33: Did you know… The film ‘Event Horizon’ was inspired by the minutes of a marketing strategy conference call at Dayglo Retard.

34: Did you know… Jim Sweep once fashioned a quill out of his own hair in order to sign a copy of his book about closed Glasgow distilleries ‘Pure Dead Whisky’ using one of the six Pina Coladas he was drinking as ink.

35: Did you know… Andrew Symington has had Edradour Distillery exorcised on 14 separate occasions by 3 different Popes.

36: Did you know… Amrut Single Malt is actually made in a shed in Basingstoke by a woman named Henrietta Clump.

37: Did you know… the legendary whisky writer Michael Jackson was actually also Michael Jackson the international music star. Don’t believe us? You try and find a photo of them together…

38: Did you know… The word ‘Karuizawa’ means ‘laughing all the way to the bank’ in the native dialect of ancient Norfolk.

39: Did you know… Ralfy is bringing out a new brand of whisky flavoured Condoms called ‘Malt Mates’. They will be available in ‘NAS’, ‘Un-Chilfiltered’ and ‘Cask Strength’. Ralfy is keen to stress they will all be natural colour.

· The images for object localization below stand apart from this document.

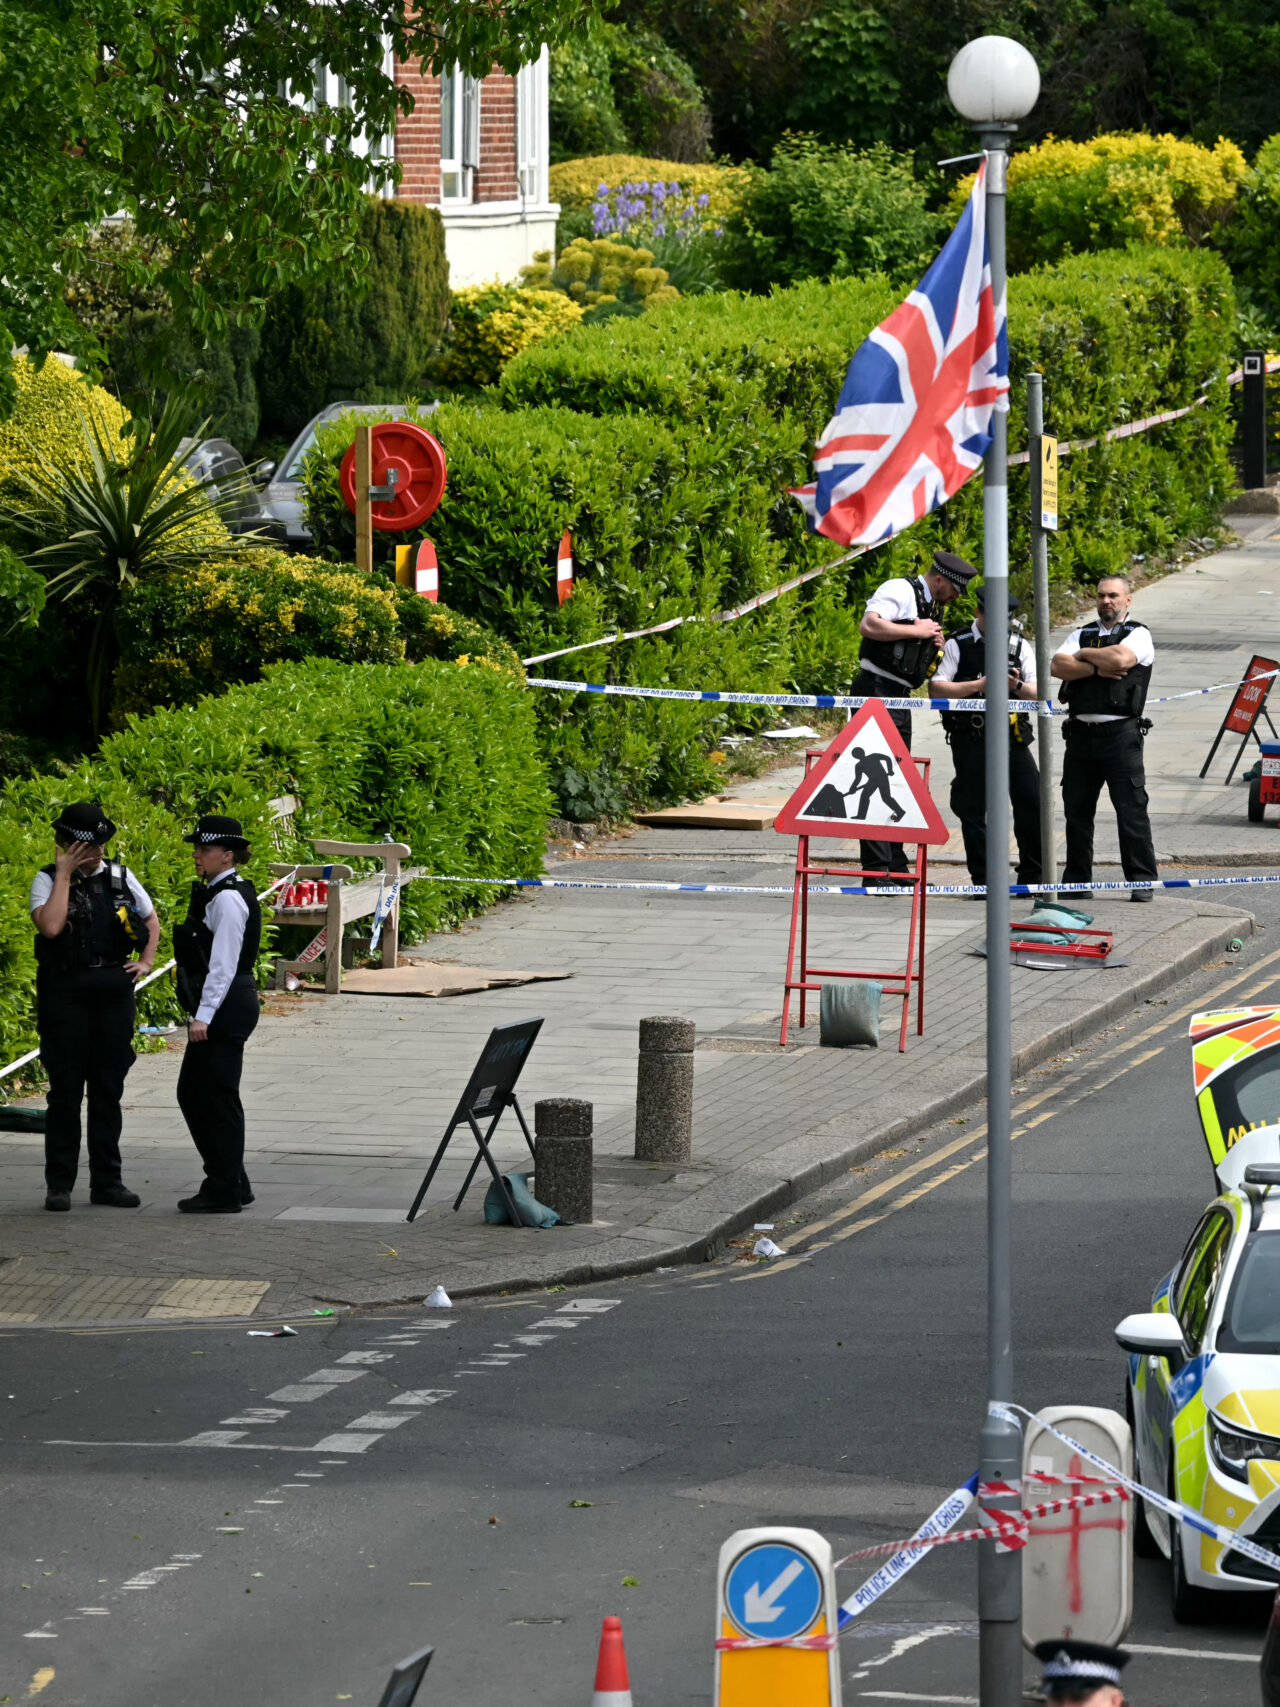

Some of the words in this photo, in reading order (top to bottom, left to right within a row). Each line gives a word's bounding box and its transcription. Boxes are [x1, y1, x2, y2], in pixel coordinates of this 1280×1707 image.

[1243, 684, 1262, 703] LOOK
[1017, 700, 1040, 711] CROSS
[854, 1571, 891, 1606] POLICE
[884, 1551, 911, 1579] LINE
[934, 1497, 966, 1529] CROSS

40: Did You Know… the people responsible for the Michael Owen ‘Spey’ whisky campaign are now wanted in over 62 countries around the world on charges including: ‘treason’, ‘disturbing the peace’, ‘grievous bodily harm’, ‘assault with a deadly weapon’, ‘incentive to riot’, ‘crimes against humanity’, ‘wilful lack of self-awareness’, ‘terrorism’, ‘poisoning’, ‘attempted murder’, ‘obscenity’, ‘attempting the sale of deadly substances’ and ‘coercion of a minor’.

The fact they took a photo of the poor boy while he was picking his nose shows just how wilfully depraved they truly are.

The fact they took a photo of the poor boy while he was picking his nose shows just how wilfully depraved they truly are.